» Work instruction:
Locate "this 2500×1155 image." in the records below, then copy its line and every following line exactly, without the pictures.

» Material for this exercise:
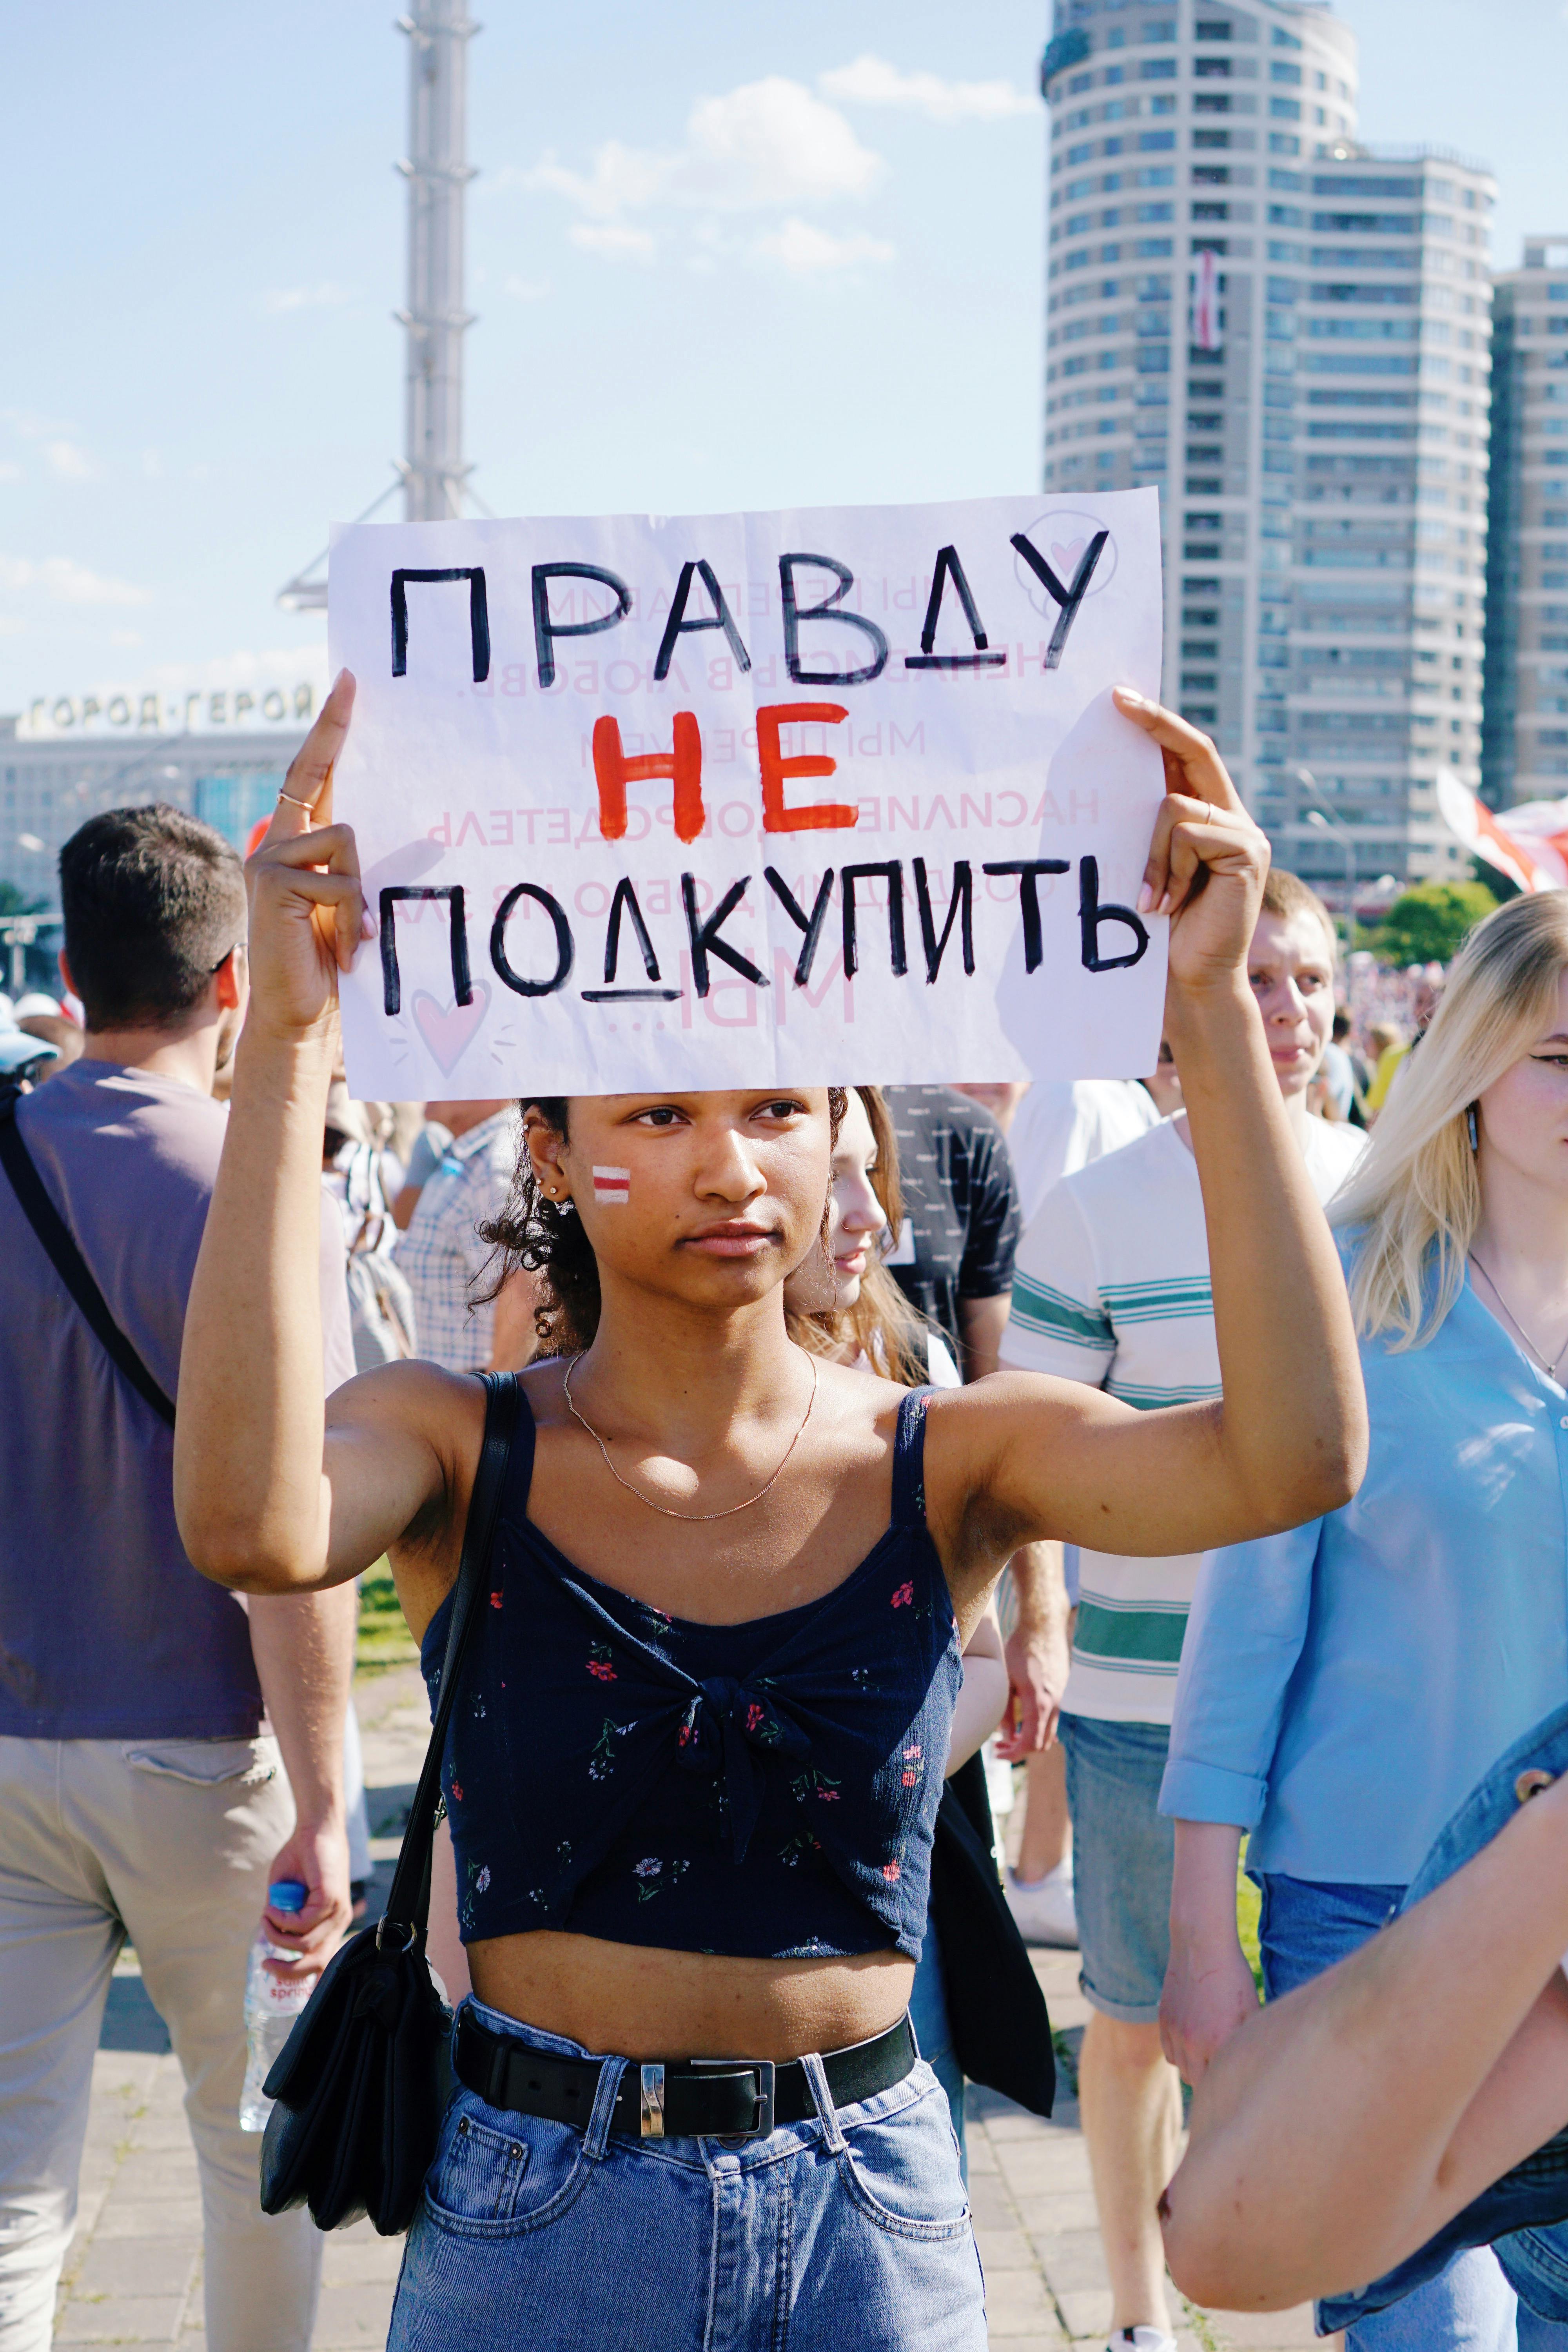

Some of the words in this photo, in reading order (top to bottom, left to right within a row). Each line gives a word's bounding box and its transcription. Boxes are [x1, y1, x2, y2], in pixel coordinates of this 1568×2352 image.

[391, 530, 1109, 687] ПРАВДУ
[592, 702, 858, 844] НЕ
[379, 855, 1150, 1016] ПОДКУПИТЬ
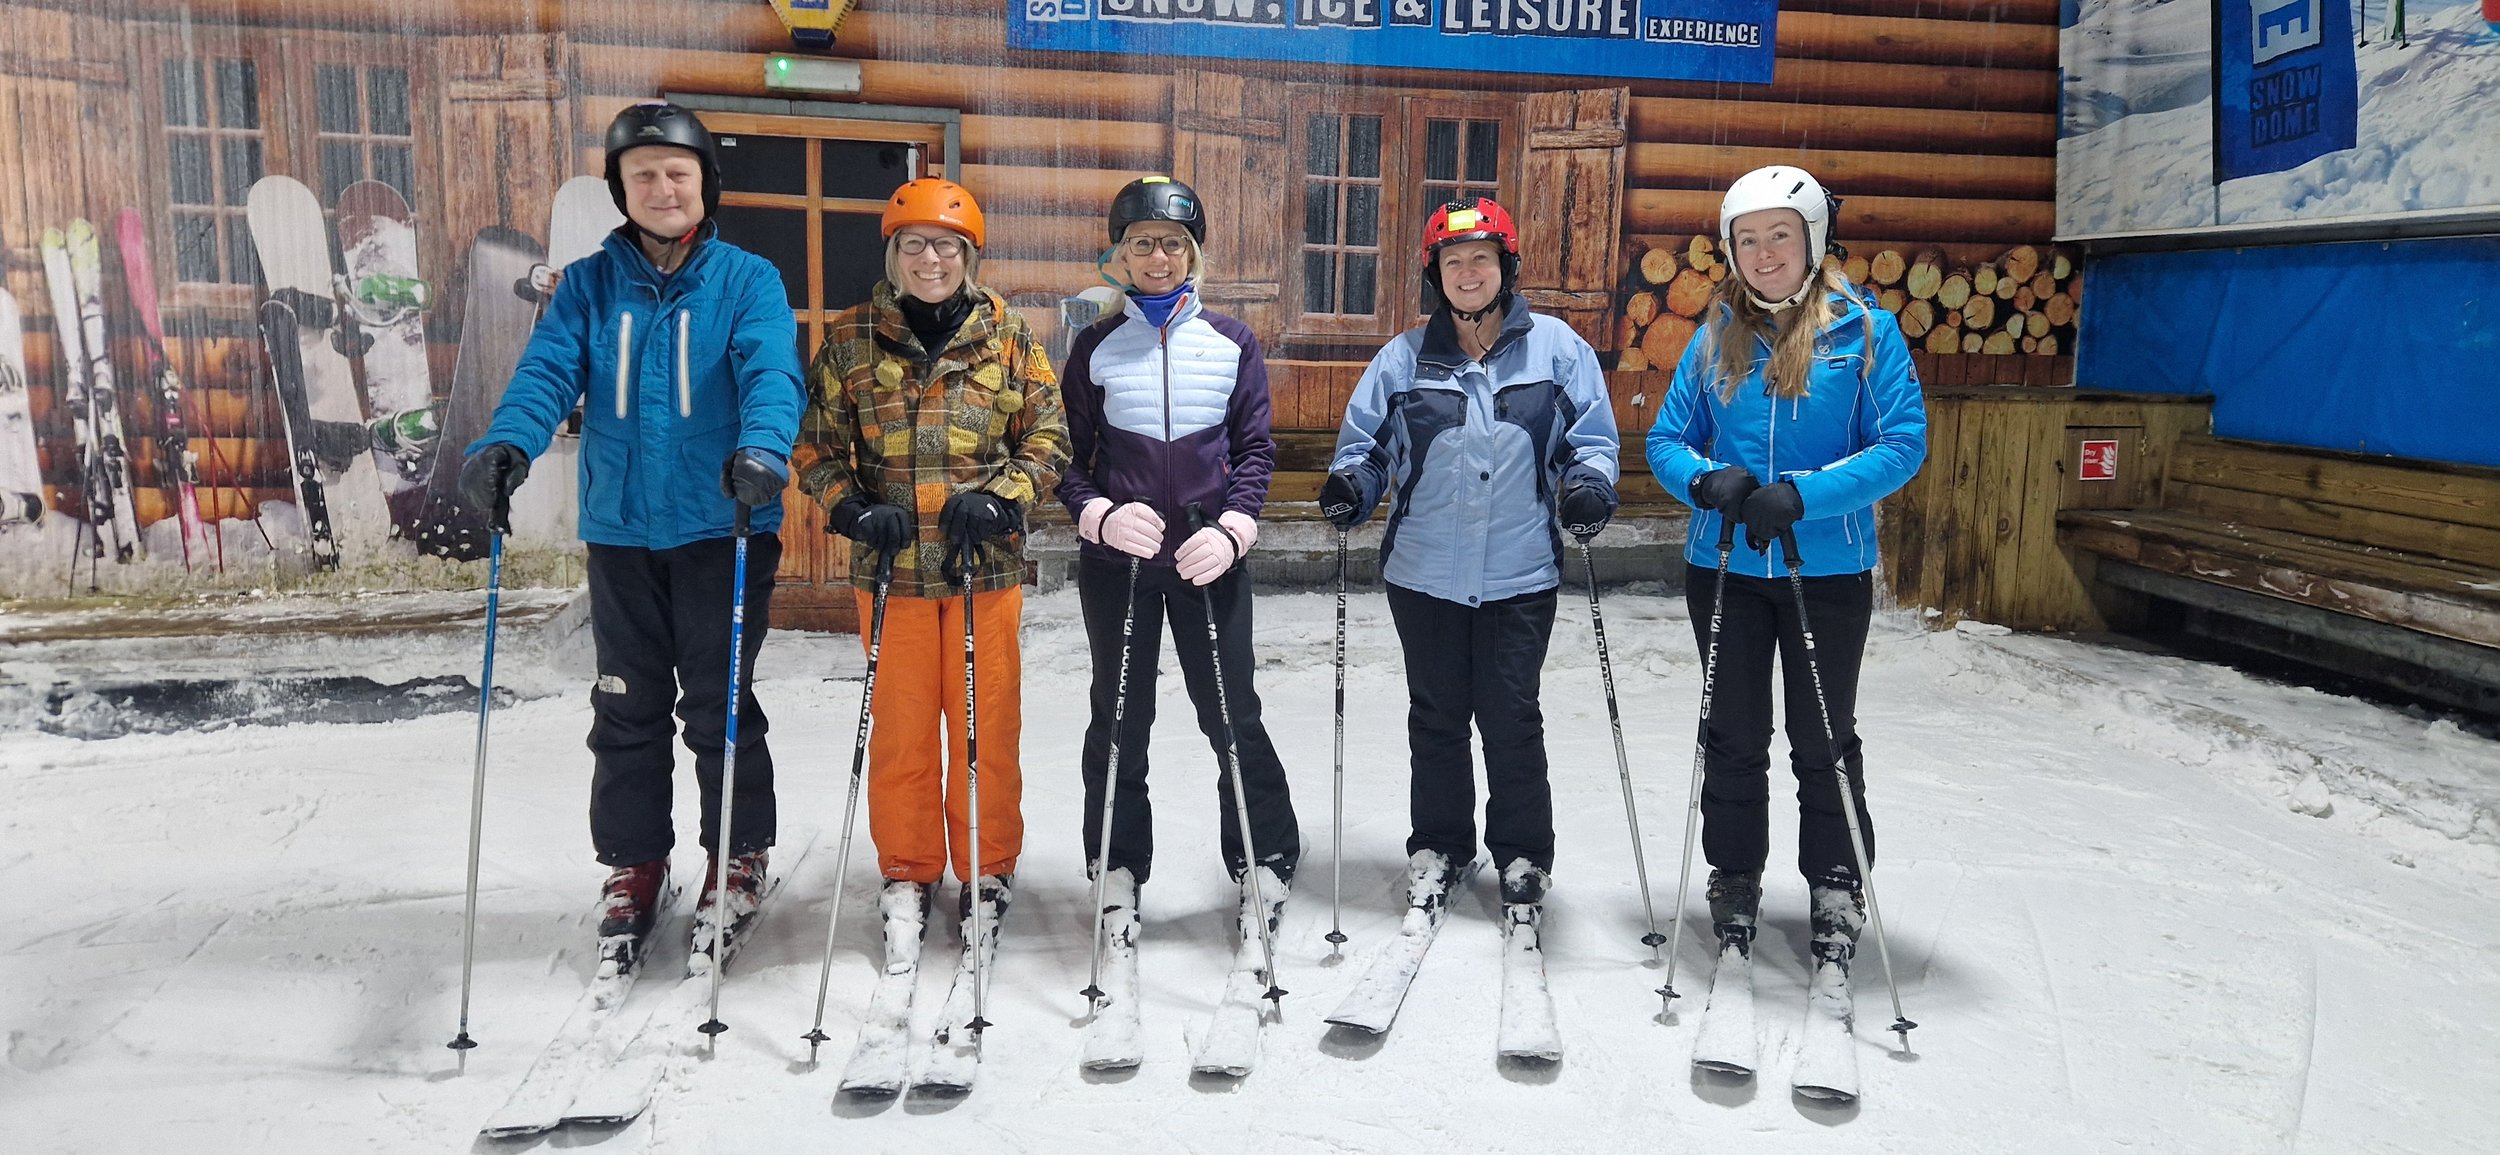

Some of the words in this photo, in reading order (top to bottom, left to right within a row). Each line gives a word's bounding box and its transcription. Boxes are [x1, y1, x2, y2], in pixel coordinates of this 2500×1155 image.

[1445, 0, 1631, 35] LEISURE
[1649, 21, 1760, 44] EXPERIENCE
[2253, 66, 2320, 111] SNOW
[2254, 101, 2317, 145] DOME
[965, 662, 975, 740] SALOMON
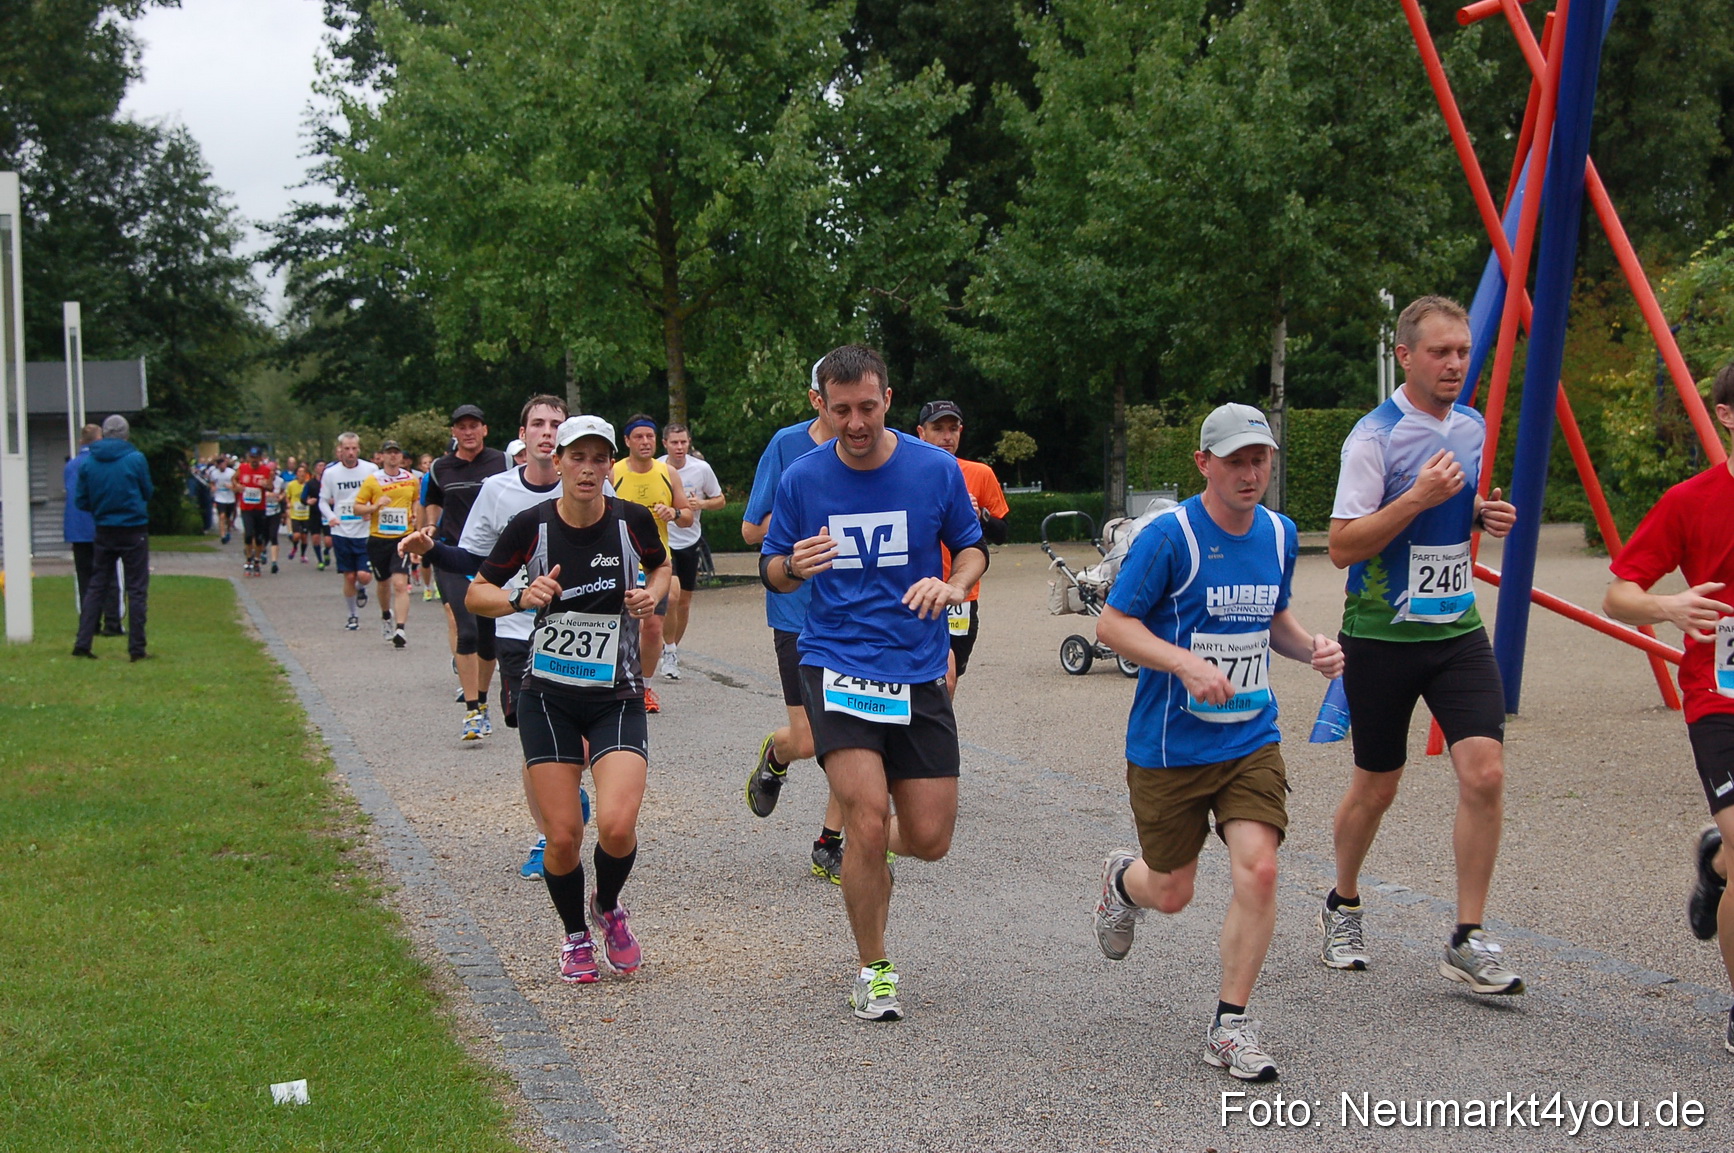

» Finished exercise:
Some of the words in this photo, in reading order (top to bottom, left to right within a row). Each line gives a word's bounding box and its transcription. Boxes are [x1, y1, x2, y2], in pixel coordinates of this 2500×1155 image.

[1445, 0, 1631, 35] LEISURE
[1649, 21, 1760, 44] EXPERIENCE
[2253, 66, 2320, 111] SNOW
[2254, 101, 2317, 145] DOME
[965, 662, 975, 740] SALOMON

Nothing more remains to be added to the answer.